- Opening Delimiter -
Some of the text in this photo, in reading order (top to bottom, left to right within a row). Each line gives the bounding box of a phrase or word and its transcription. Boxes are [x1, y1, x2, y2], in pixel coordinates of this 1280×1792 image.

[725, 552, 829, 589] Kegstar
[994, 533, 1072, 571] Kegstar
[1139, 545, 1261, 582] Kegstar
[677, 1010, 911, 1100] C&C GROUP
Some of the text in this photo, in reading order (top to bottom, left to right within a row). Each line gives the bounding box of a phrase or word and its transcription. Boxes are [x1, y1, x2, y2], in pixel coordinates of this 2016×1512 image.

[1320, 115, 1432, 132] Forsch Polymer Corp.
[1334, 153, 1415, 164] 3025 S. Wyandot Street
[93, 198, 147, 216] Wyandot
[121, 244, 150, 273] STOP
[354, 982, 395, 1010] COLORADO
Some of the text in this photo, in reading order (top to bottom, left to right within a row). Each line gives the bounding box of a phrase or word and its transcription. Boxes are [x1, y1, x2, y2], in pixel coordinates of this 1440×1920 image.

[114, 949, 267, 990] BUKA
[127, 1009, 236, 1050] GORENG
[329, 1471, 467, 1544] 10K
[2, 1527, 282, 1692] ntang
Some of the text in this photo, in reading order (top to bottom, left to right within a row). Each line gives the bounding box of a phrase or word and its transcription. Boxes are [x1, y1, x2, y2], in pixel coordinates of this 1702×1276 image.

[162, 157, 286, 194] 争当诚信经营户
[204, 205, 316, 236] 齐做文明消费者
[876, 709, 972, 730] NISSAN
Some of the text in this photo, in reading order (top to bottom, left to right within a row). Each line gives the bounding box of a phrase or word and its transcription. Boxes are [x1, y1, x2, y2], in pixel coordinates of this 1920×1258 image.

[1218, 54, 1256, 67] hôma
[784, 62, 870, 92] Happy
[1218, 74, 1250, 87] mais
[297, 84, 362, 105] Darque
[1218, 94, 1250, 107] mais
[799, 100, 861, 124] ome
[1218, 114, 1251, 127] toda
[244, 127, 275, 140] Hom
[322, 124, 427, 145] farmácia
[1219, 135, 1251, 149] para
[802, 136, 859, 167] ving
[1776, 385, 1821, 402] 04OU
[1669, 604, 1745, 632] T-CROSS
- Closing Delimiter -
**Problem requirements:** Each line above should be duplicated without any alteration.

**Written response:**
Some of the text in this photo, in reading order (top to bottom, left to right within a row). Each line gives the bounding box of a phrase or word and its transcription. Boxes are [x1, y1, x2, y2], in pixel coordinates of this 1280×1792 image.

[725, 552, 829, 589] Kegstar
[994, 533, 1072, 571] Kegstar
[1139, 545, 1261, 582] Kegstar
[677, 1010, 911, 1100] C&C GROUP
Some of the text in this photo, in reading order (top to bottom, left to right within a row). Each line gives the bounding box of a phrase or word and its transcription. Boxes are [x1, y1, x2, y2], in pixel coordinates of this 2016×1512 image.

[1320, 115, 1432, 132] Forsch Polymer Corp.
[1334, 153, 1415, 164] 3025 S. Wyandot Street
[93, 198, 147, 216] Wyandot
[121, 244, 150, 273] STOP
[354, 982, 395, 1010] COLORADO
Some of the text in this photo, in reading order (top to bottom, left to right within a row). Each line gives the bounding box of a phrase or word and its transcription. Boxes are [x1, y1, x2, y2], in pixel coordinates of this 1440×1920 image.

[114, 949, 267, 990] BUKA
[127, 1009, 236, 1050] GORENG
[329, 1471, 467, 1544] 10K
[2, 1527, 282, 1692] ntang
Some of the text in this photo, in reading order (top to bottom, left to right within a row). Each line gives the bounding box of a phrase or word and its transcription. Boxes are [x1, y1, x2, y2], in pixel coordinates of this 1702×1276 image.

[162, 157, 286, 194] 争当诚信经营户
[204, 205, 316, 236] 齐做文明消费者
[876, 709, 972, 730] NISSAN
Some of the text in this photo, in reading order (top to bottom, left to right within a row). Each line gives the bounding box of a phrase or word and its transcription. Boxes are [x1, y1, x2, y2], in pixel coordinates of this 1920×1258 image.

[1218, 54, 1256, 67] hôma
[784, 62, 870, 92] Happy
[1218, 74, 1250, 87] mais
[297, 84, 362, 105] Darque
[1218, 94, 1250, 107] mais
[799, 100, 861, 124] ome
[1218, 114, 1251, 127] toda
[244, 127, 275, 140] Hom
[322, 124, 427, 145] farmácia
[1219, 135, 1251, 149] para
[802, 136, 859, 167] ving
[1776, 385, 1821, 402] 04OU
[1669, 604, 1745, 632] T-CROSS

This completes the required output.